Sedangkan urf yang fasid tidak dapat diterima, hal itu jelas karean bertentangan
dengan syara nas maupun ketentuan umam nas
4.   Syarat-syarat Uruf
a.    Urf ini berlaku umum artinya dapat diberlakukan untuk mayoritas persoalan
yang terjadi di tengah-tengah masyarakat dan keberlakuannya dianut oleh
mayoritas masyarakat.
b.   ‘Urf telah memasyarakat ketika persoalan yang akan ditetapkan hukumnya.
Artinya ‘urf itu lebih dulu ara sebelum kasus yang akan ditetapkan hukumnya.
c.    ‘Urf itu tidak bertentangan dengan yang diungkapkan secara jelas dalam
suatu transaksi
Jika terjadi pertentangan ‘urf dengan dalil syara’ di tengah-tengah masyarakat,
maka pertentangan tersebut adalah:
a.    Pertentangan ‘urf dengan nash yang bersifat khusus atau rinci, maka ‘urf
tidak dapat diterima, seperti kebiasaan orang jahiliyah menyamakan kedudukan
anak yang diadopsi dengan anak kandung dalam masalah warisan harus
ditinggalkan.
b.   Pertentangan ‘urf dengan nash yang bersifat khusus, maka ‘urf harus
dibedakan antara ‘urf al-lafzidengan ‘urf al-amali, jika ‘urf itu ‘urf al-lafzi,
maka dapat diterima, dengan alasan tidak ada indikator bahwa nash umum tidak
dapat dikhususkan oleh ‘urf. Seperti shalat, puasa, zakat dan haji.
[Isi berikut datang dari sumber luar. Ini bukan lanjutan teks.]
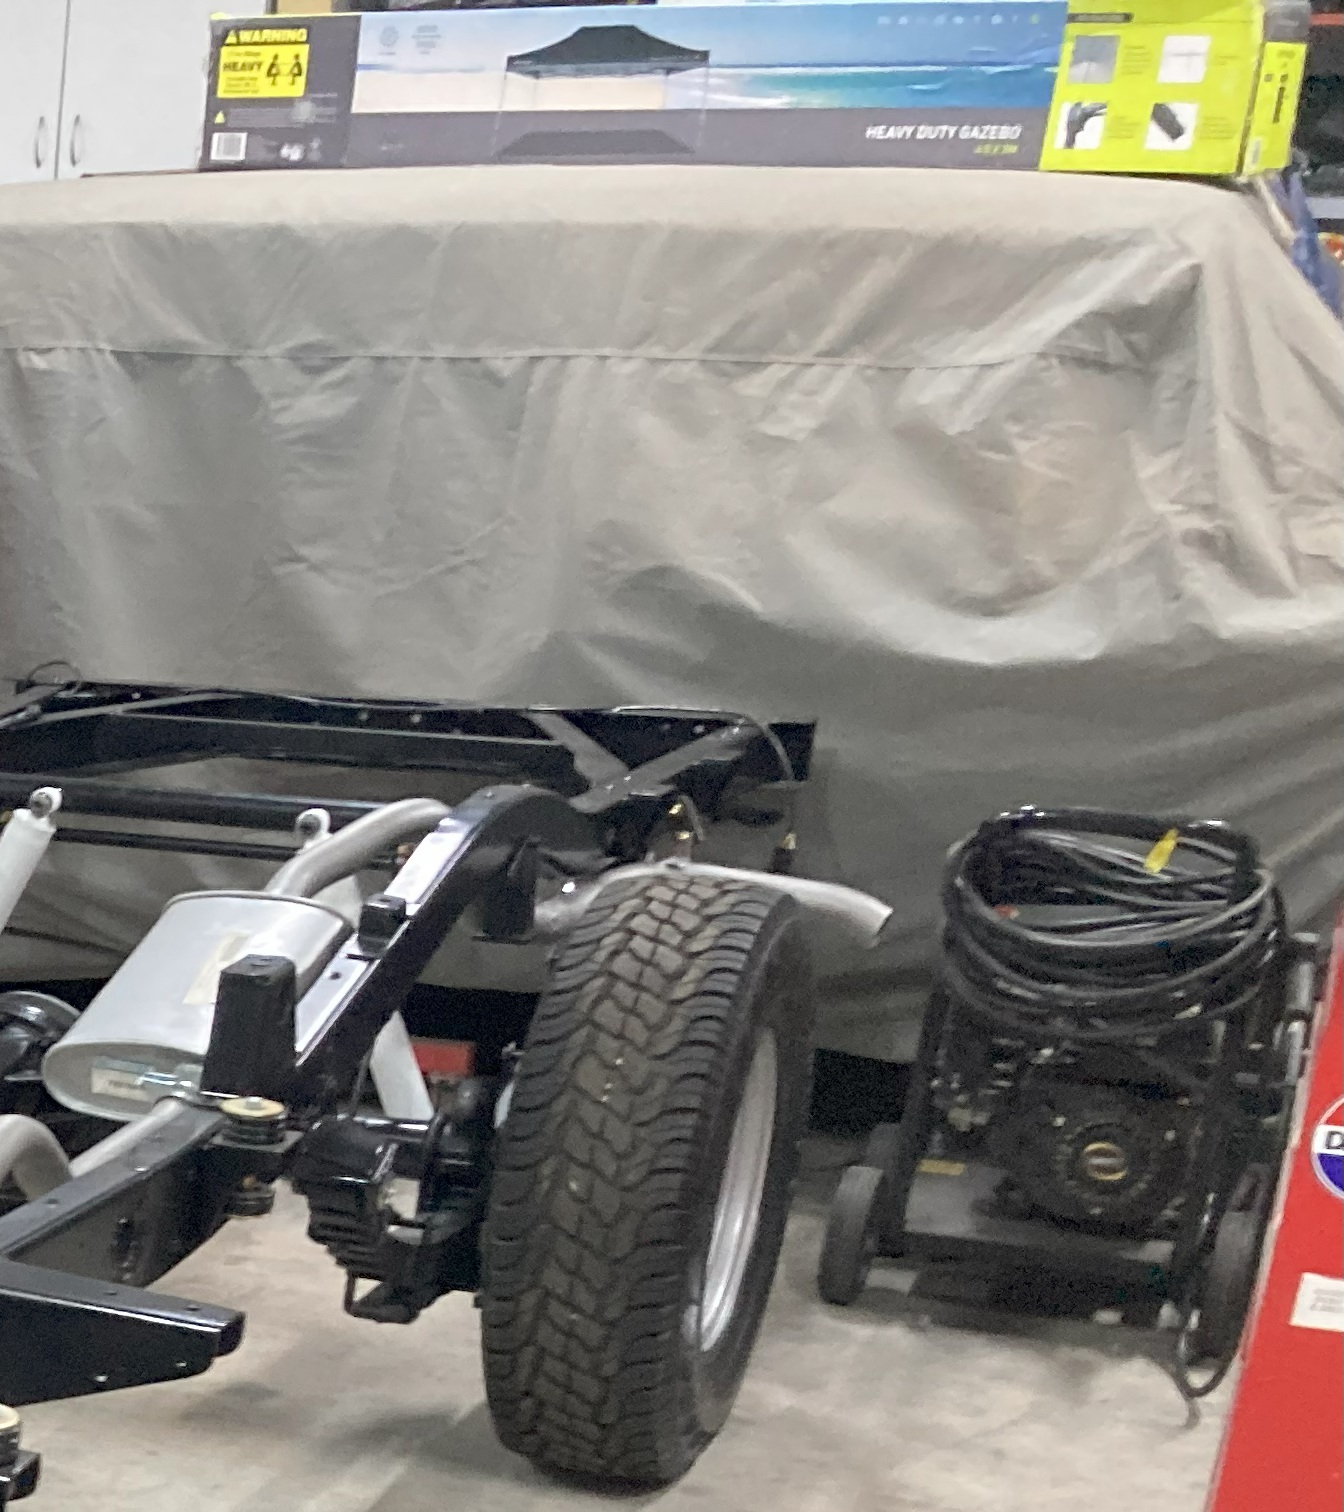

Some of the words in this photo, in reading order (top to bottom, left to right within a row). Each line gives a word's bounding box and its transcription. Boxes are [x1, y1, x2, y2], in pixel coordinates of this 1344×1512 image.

[238, 28, 308, 43] WARNING
[222, 61, 263, 72] HEAVY
[864, 124, 916, 140] HEAVY
[915, 124, 959, 140] DUTY
[958, 123, 1024, 140] GAZEBO
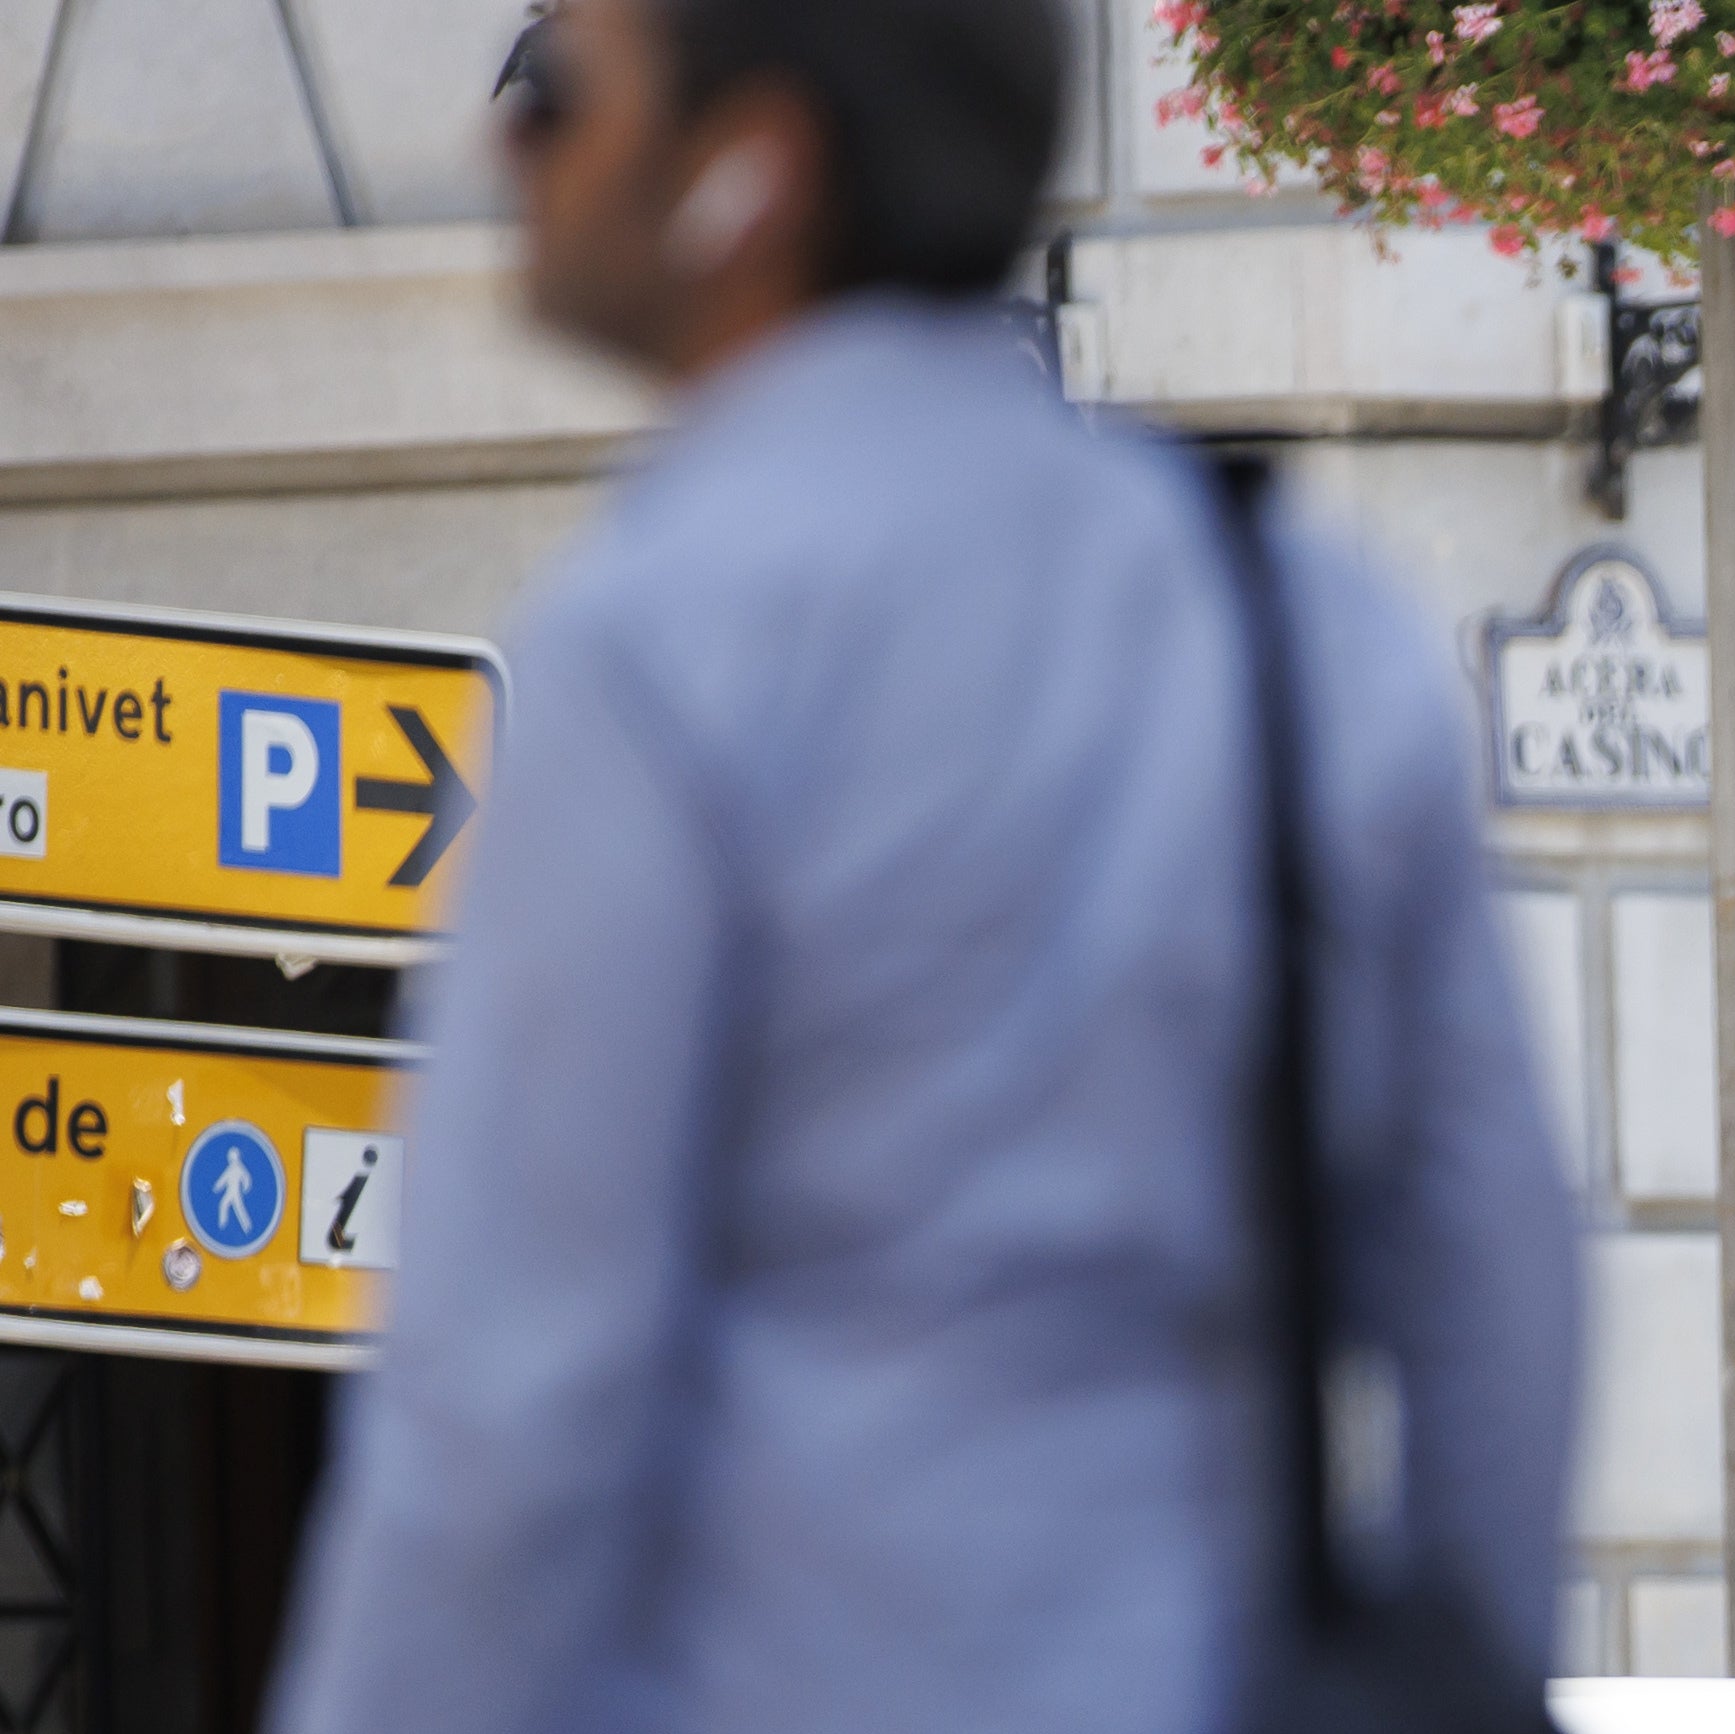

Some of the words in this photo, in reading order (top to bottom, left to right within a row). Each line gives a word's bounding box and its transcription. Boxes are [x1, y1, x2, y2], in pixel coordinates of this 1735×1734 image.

[1540, 653, 1683, 698] ACERA
[241, 708, 320, 853] P
[14, 1074, 108, 1160] de
Untuk ‘urf al-
amali terjadi perbedaan pendapat ulama hanafiyyah jika ‘urf al-amali bersifat
umum, maka ‘urf tersebut dapat mengkhususkan hukum nash yang umum.
c.    ‘Urf yang terbentuk belakangan dari nash umum yang bertentangan dengan
‘urf tersebut, maka ulama sepakat mengatakan bahwa ‘urf seperti ini, baik lafzi
maupun amali tidak dapat dijadikan hujjah dalam menerapkan hukum syara’.
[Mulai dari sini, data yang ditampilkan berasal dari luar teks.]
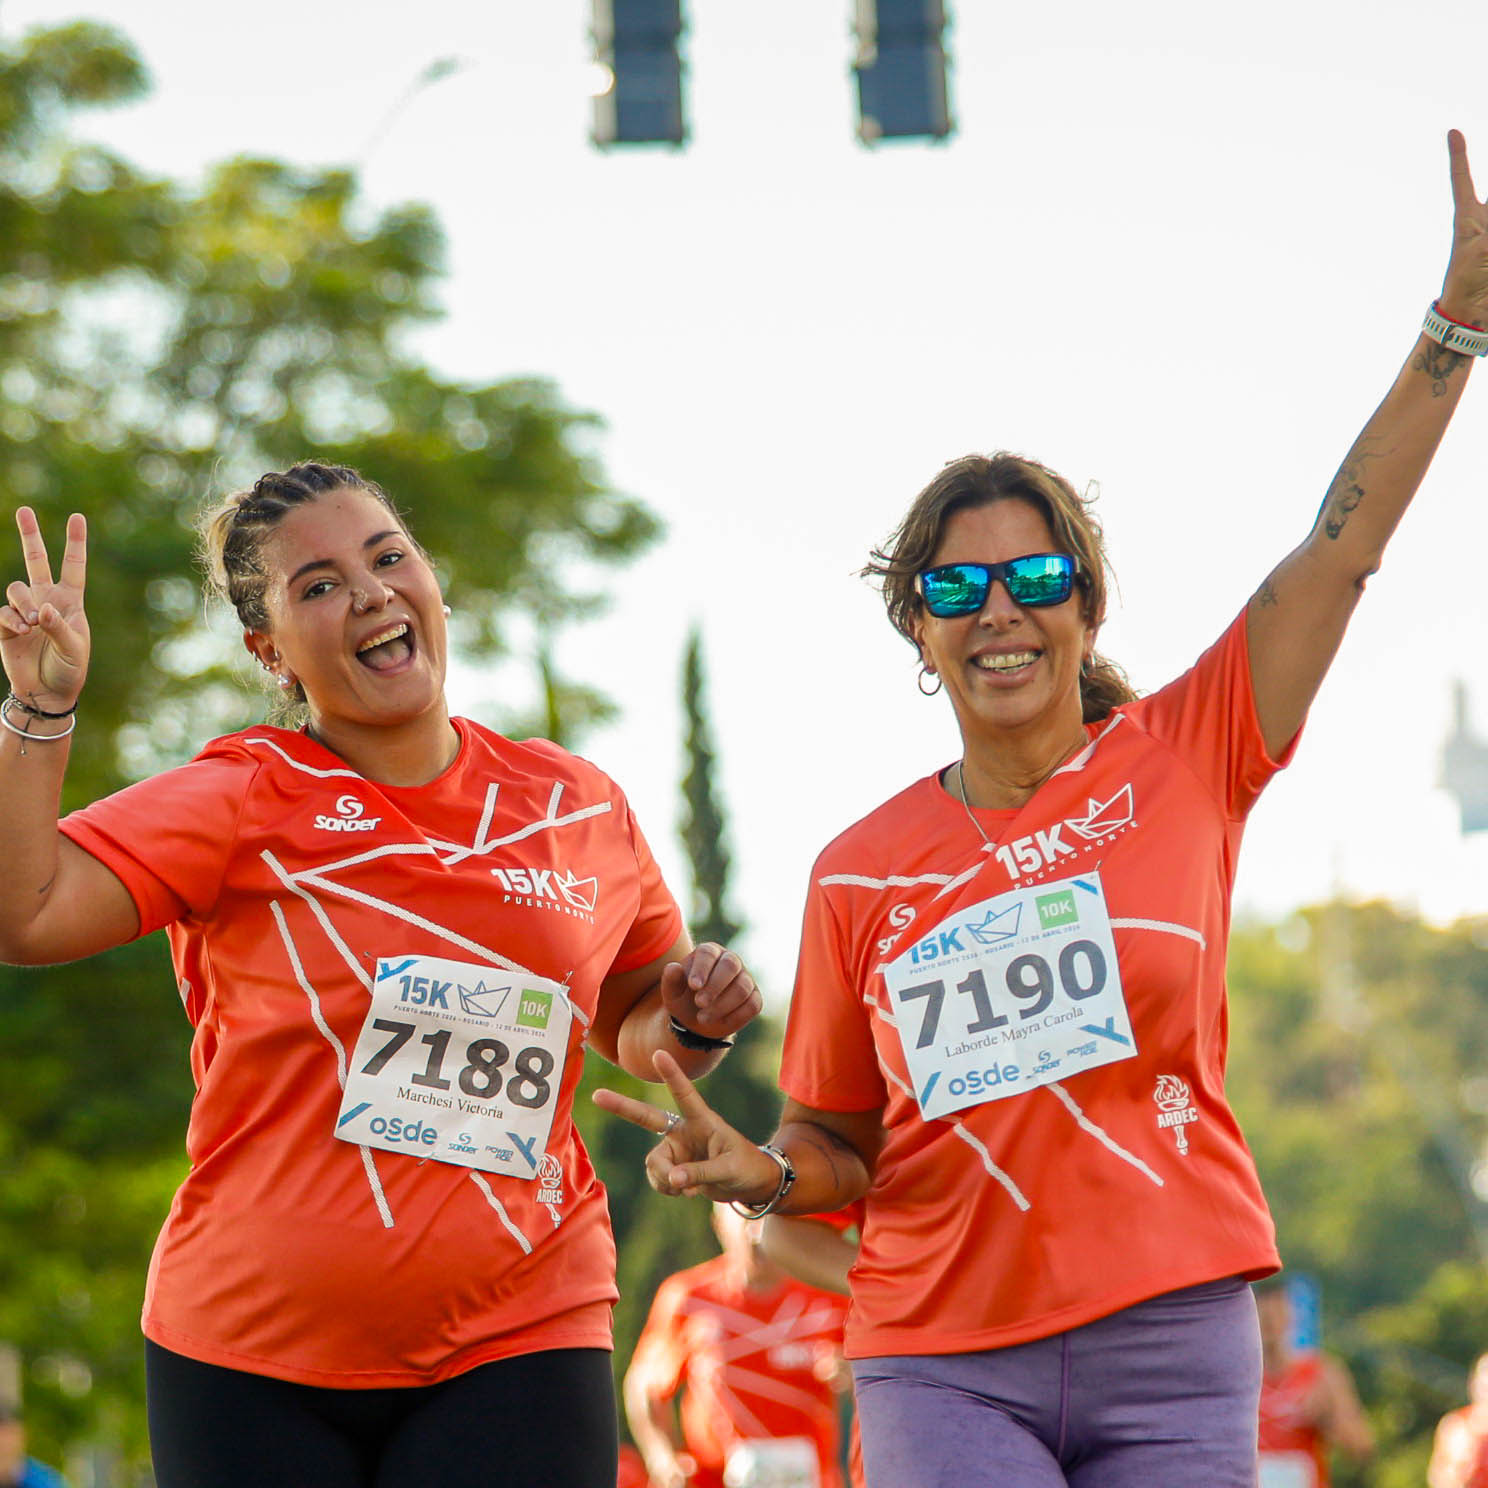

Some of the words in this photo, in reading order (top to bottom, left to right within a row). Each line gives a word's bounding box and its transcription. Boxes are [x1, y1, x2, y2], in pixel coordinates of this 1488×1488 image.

Seperti kerelaan anak perawan ketika dinikahkan dengan diamnya, maka sesuai
dengan perkembangan zaman tidak dapat diterima lagi, karena pada saat
sekarang anak perawan sudah berani mengatakan iya atau tidak terhadap setiap
perkataan orang tuanya.
5.   Contoh Uruf
'Urf perbuatan, misalnya dalam melakukan transaksi jual beli, jarang ada orang
yang melakukan ijab kabul ketika mereka saling menyerahkan barang (bagi
pedagang) dan uang (bagi pembeli), dengan mengucapkan “Saya terima
barangnya dan ini uangnya.“ Hal itu sudah menjadi kebiasaan masyarakat pada
umumnya, sehingga jual beli dianggap sah meskipun tidak melalui ijab kabul.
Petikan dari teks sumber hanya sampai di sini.